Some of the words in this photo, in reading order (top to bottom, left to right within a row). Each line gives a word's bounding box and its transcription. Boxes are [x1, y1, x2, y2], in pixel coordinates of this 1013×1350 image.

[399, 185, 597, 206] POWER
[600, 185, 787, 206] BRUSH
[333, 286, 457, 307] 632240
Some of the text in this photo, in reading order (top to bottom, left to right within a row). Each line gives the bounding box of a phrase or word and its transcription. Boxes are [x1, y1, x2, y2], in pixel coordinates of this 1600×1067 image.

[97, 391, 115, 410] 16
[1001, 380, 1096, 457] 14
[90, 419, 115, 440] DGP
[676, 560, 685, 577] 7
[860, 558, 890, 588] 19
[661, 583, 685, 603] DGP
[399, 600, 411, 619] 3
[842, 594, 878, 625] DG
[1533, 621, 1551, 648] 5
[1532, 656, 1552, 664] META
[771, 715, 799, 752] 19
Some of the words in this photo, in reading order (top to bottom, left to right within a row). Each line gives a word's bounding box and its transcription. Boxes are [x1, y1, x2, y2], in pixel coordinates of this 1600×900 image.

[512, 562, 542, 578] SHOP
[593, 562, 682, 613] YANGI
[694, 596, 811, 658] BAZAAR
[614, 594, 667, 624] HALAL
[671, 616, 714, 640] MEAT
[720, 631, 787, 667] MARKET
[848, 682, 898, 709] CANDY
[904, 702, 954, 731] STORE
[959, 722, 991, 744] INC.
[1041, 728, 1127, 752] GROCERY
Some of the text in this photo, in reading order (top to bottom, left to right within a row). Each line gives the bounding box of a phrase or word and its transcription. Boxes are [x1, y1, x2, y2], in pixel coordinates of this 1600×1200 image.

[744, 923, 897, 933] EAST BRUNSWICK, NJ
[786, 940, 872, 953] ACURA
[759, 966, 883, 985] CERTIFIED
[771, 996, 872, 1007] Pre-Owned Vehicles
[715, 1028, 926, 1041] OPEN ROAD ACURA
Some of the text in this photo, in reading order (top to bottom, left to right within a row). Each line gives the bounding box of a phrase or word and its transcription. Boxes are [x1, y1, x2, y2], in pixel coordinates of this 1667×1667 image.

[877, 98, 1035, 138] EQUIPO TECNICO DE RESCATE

═══

• **TASK DESCRIPTION**
Each entry must be reproduced exactly, with nothing added or dropped.

• **YOUR RESPONSE**
Some of the words in this photo, in reading order (top to bottom, left to right within a row). Each line gives a word's bounding box and its transcription. Boxes are [x1, y1, x2, y2], in pixel coordinates of this 1013×1350 image.

[399, 185, 597, 206] POWER
[600, 185, 787, 206] BRUSH
[333, 286, 457, 307] 632240
Some of the text in this photo, in reading order (top to bottom, left to right within a row). Each line gives the bounding box of a phrase or word and its transcription. Boxes are [x1, y1, x2, y2], in pixel coordinates of this 1600×1067 image.

[97, 391, 115, 410] 16
[1001, 380, 1096, 457] 14
[90, 419, 115, 440] DGP
[676, 560, 685, 577] 7
[860, 558, 890, 588] 19
[661, 583, 685, 603] DGP
[399, 600, 411, 619] 3
[842, 594, 878, 625] DG
[1533, 621, 1551, 648] 5
[1532, 656, 1552, 664] META
[771, 715, 799, 752] 19
Some of the words in this photo, in reading order (top to bottom, left to right within a row). Each line gives a word's bounding box and its transcription. Boxes are [x1, y1, x2, y2], in pixel coordinates of this 1600×900 image.

[512, 562, 542, 578] SHOP
[593, 562, 682, 613] YANGI
[694, 596, 811, 658] BAZAAR
[614, 594, 667, 624] HALAL
[671, 616, 714, 640] MEAT
[720, 631, 787, 667] MARKET
[848, 682, 898, 709] CANDY
[904, 702, 954, 731] STORE
[959, 722, 991, 744] INC.
[1041, 728, 1127, 752] GROCERY
Some of the text in this photo, in reading order (top to bottom, left to right within a row). Each line gives the bounding box of a phrase or word and its transcription. Boxes are [x1, y1, x2, y2], in pixel coordinates of this 1600×1200 image.

[744, 923, 897, 933] EAST BRUNSWICK, NJ
[786, 940, 872, 953] ACURA
[759, 966, 883, 985] CERTIFIED
[771, 996, 872, 1007] Pre-Owned Vehicles
[715, 1028, 926, 1041] OPEN ROAD ACURA
Some of the text in this photo, in reading order (top to bottom, left to right within a row). Each line gives the bounding box of a phrase or word and its transcription. Boxes are [x1, y1, x2, y2], in pixel coordinates of this 1667×1667 image.

[877, 98, 1035, 138] EQUIPO TECNICO DE RESCATE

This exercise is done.